Heat and cold therapy offers different benefits for people with wrist osteoarthritis. Some people find that applying heat to painful joints helps relieve pain. Heat therapy, such as a paraffin wax bath, increases blood flow by dilating blood vessels, which helps relieve wrist stiffness.

Cold therapy constricts blood vessels and can help reduce swelling and inflammation. A person can wrap an ice pack in a cloth or towel and apply it to the affected area.

Wrist splints or straps

Different types of wrist supports can help in different ways. Rest splints hold the hand and wrist still when a person is resting. Work splints help keep the hand and wrist in the correct position when a person uses them.

It is best to seek the advice of a medical professional before purchasing orthotics or wrist straps to ensure they are suitable.

Learn more about home remedies for arthritis.

Doctors may recommend the following treatments in addition to the home remedies above:


Doctors can recommend various medications to relieve the symptoms of wrist osteoarthritis. Options include:

  • Analgesics: Pain relievers such as acetaminophen or ibuprofen can relieve pain and inflammation associated with wrist osteoarthritis.
  • Topical Pain Relief: A person can apply nonsteroidal anti-inflammatory creams and gels (NSAIDs) directly to the skin of the wrist. Capsaicin creams use a compound found naturally in cayenne pepper to relieve pain.
  • Corticosteroids: If over-the-counter or prescription pain relievers are ineffective, a doctor may prescribe steroid injections. These injections, which healthcare professionals administer directly into the joint, can relieve symptoms for several months.


If nonsurgical options are ineffective, doctors may recommend surgery. According to a 2022 article, the The most common types are:

  • Carpectomy of the proximal row: Surgeons remove three carpal bones near the forearm to relieve pain and maintain range of motion in the wrist.
  • Fusion or arthrodesis: Surgeons remove damaged cartilage and tie the wrist bones together to ensure they heal as one strong bone. This procedure relieves pain but reduces range of motion.
  • Wrist Replacement: Surgeons remove damaged bone and cartilage and replace them with plastic or metal joints. Doctors are less likely to recommend this surgery than those above.
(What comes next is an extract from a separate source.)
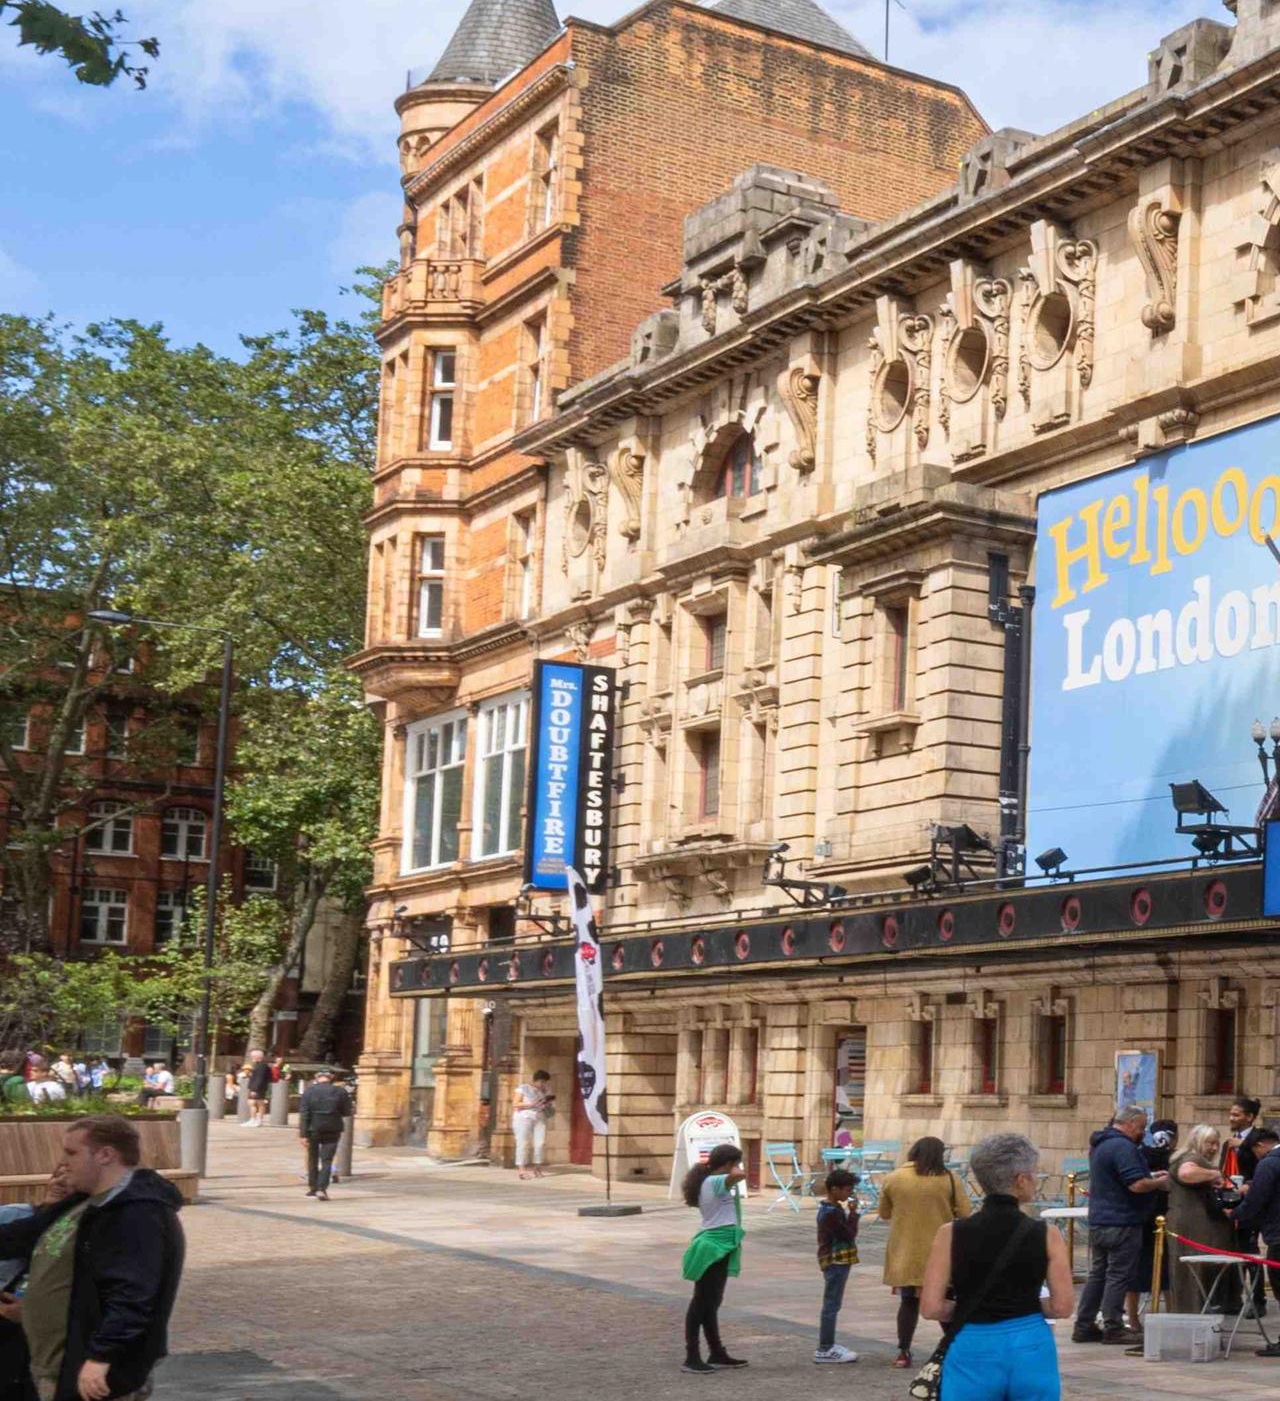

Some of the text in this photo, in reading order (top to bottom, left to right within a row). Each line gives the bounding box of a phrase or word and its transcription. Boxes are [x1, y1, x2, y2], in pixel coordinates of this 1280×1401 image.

Wrist osteoarthritis is a chronic disease that causes pain and stiffness in the wrist. It can also affect mobility and make daily tasks more difficult.

People can ease their symptoms and slow the progression of the disease by following the advice of healthcare professionals and taking their medications regularly. If a person with wrist osteoarthritis does not receive treatment, the pain can become debilitating.

Wrist osteoarthritis is a degenerative condition resulting from aging and overuse. This can lead to pain, stiffness, and limited range of motion.

Possible complications include CTS and structural changes to the hand. Doctors can diagnose wrist osteoarthritis through a physical exam and x-rays.

There is no cure for osteoarthritis, but treatments are available to help relieve symptoms. Early diagnosis and treatment can help prevent further joint damage.